Leave out the images and repeat every entry below exactly.

* _Dataset entries_:
:::::
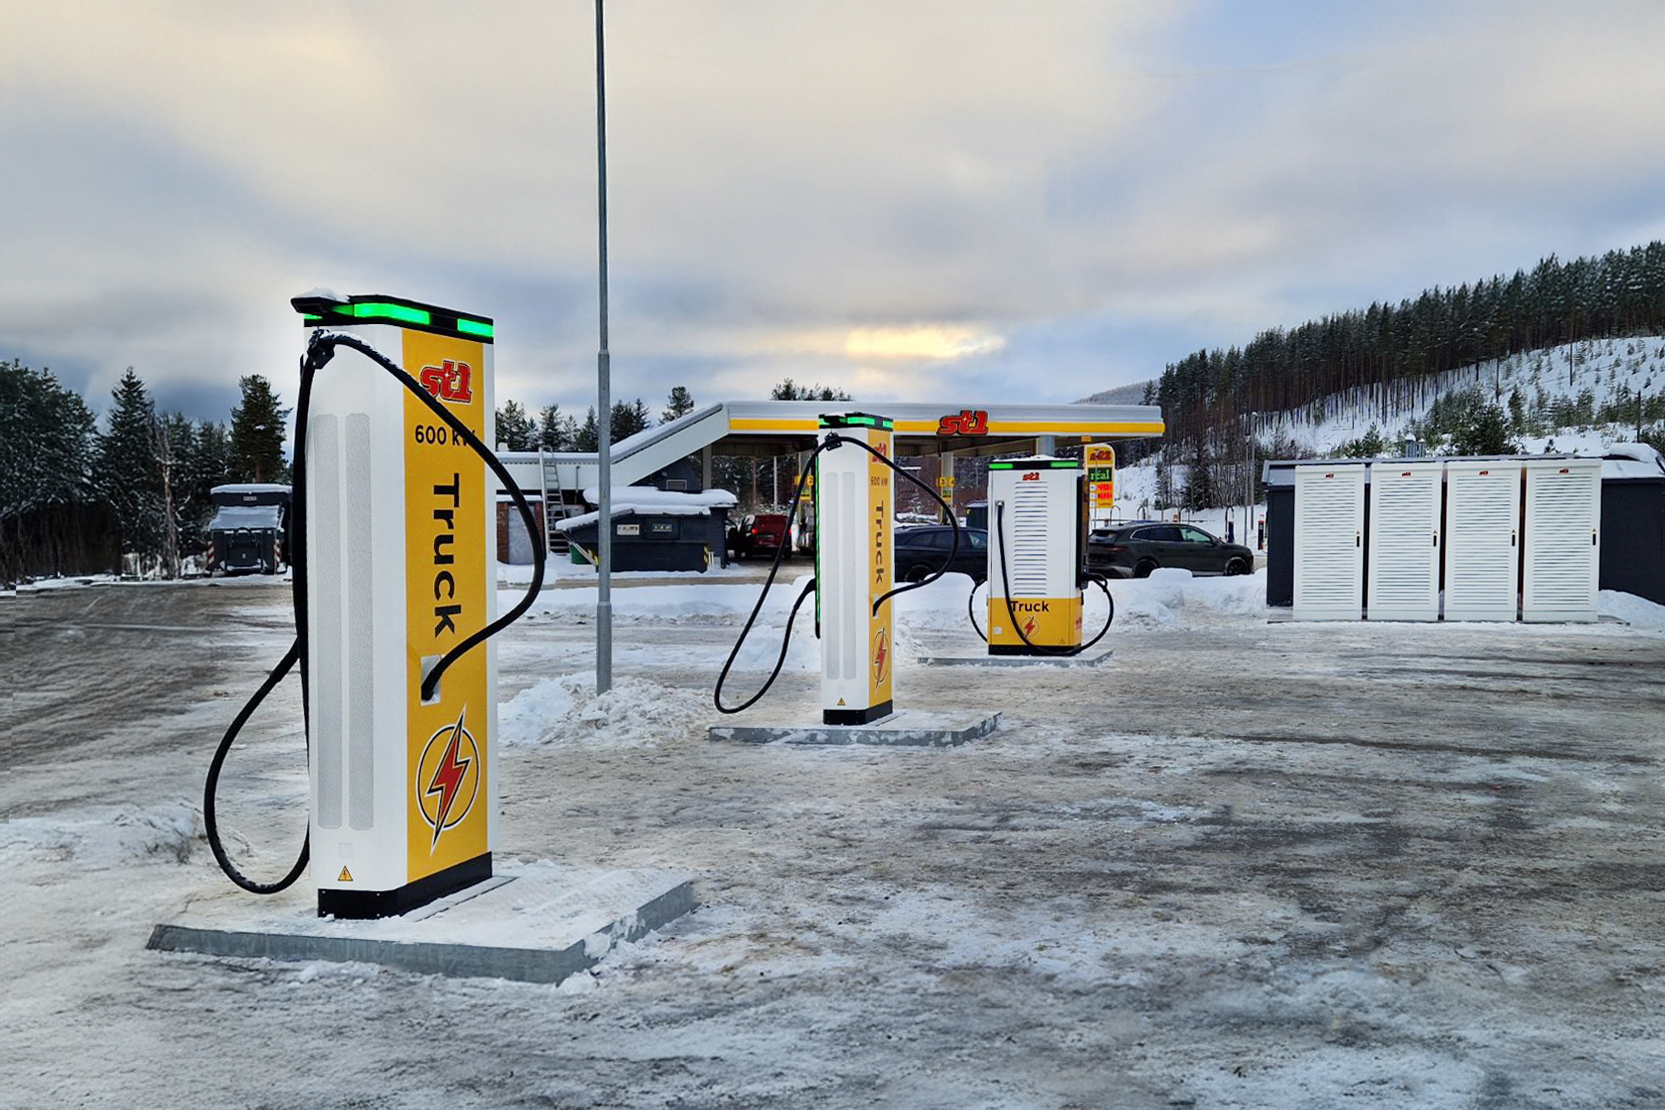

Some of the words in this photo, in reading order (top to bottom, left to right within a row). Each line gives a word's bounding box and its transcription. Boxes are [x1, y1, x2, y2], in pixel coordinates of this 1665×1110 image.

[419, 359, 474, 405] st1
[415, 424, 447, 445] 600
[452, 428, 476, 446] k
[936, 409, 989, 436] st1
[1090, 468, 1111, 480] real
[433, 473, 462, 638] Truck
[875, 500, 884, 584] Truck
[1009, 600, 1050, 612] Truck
:::::
* _Task result_:
Some of the words in this photo, in reading order (top to bottom, left to right within a row). Each line gives a word's bounding box and its transcription. Boxes are [x1, y1, x2, y2], in pixel coordinates of this 1665×1110 image.

[419, 359, 474, 405] st1
[415, 424, 447, 445] 600
[452, 428, 476, 446] k
[936, 409, 989, 436] st1
[1090, 468, 1111, 480] real
[433, 473, 462, 638] Truck
[875, 500, 884, 584] Truck
[1009, 600, 1050, 612] Truck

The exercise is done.